● Task brief
Work through the entries below and show every line in which "THAT" is found.

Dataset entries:
------------------------------------------------------------------------

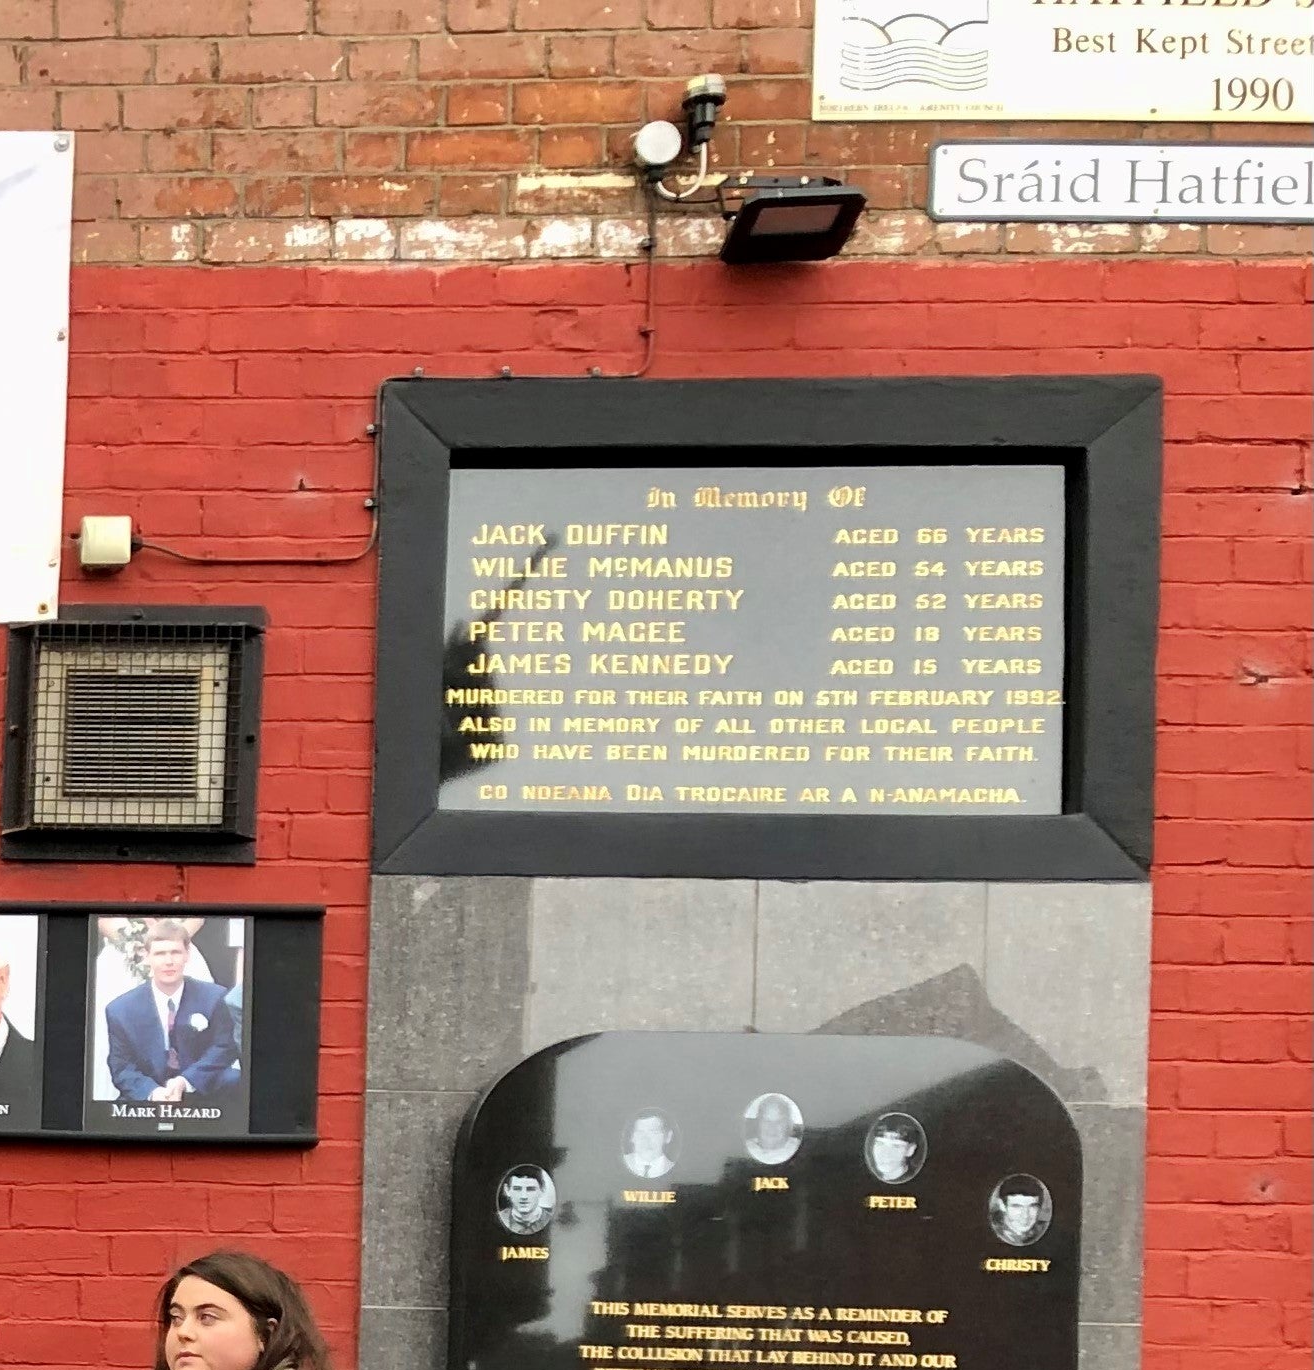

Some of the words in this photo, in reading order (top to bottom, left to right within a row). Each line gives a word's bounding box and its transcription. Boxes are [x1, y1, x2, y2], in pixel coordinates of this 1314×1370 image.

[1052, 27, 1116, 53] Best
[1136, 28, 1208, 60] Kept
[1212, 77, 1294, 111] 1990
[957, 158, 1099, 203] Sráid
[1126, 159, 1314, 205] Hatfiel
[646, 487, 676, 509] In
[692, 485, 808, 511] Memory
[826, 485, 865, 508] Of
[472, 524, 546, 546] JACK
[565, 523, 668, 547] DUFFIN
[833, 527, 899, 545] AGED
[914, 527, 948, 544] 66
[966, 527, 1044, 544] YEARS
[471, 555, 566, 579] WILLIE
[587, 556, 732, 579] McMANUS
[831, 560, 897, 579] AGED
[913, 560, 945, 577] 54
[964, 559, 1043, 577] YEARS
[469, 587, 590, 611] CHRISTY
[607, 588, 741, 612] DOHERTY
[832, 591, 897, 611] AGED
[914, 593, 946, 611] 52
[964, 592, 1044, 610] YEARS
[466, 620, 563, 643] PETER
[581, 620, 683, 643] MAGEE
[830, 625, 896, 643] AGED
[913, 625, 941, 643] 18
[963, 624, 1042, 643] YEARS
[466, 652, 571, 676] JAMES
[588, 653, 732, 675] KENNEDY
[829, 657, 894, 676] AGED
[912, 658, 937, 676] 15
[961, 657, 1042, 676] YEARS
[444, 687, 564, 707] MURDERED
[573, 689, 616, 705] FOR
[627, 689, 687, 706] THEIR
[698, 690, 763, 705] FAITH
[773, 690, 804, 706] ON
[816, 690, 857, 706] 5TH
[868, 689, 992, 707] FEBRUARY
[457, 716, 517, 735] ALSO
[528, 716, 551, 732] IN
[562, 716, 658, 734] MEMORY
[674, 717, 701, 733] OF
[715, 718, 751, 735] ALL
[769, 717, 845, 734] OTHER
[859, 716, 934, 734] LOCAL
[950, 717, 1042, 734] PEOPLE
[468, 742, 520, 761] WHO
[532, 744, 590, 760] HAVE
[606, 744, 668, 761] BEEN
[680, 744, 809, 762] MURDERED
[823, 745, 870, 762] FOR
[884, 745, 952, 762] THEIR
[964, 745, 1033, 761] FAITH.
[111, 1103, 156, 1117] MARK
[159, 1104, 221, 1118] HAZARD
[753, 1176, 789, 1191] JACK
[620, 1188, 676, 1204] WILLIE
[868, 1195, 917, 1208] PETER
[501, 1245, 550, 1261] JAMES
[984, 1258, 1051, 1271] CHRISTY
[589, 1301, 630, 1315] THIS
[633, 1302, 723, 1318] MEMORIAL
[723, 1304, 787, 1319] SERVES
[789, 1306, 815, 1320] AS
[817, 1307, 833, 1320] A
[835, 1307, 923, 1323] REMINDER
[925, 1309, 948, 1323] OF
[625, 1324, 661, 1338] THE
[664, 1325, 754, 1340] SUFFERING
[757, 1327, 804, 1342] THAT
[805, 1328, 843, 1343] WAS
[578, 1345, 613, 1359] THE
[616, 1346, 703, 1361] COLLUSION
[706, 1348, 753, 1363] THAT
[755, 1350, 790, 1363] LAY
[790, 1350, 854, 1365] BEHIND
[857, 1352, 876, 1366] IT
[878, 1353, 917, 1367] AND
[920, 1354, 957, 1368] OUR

------------------------------------------------------------------------

● Written reply
[757, 1327, 804, 1342] THAT
[706, 1348, 753, 1363] THAT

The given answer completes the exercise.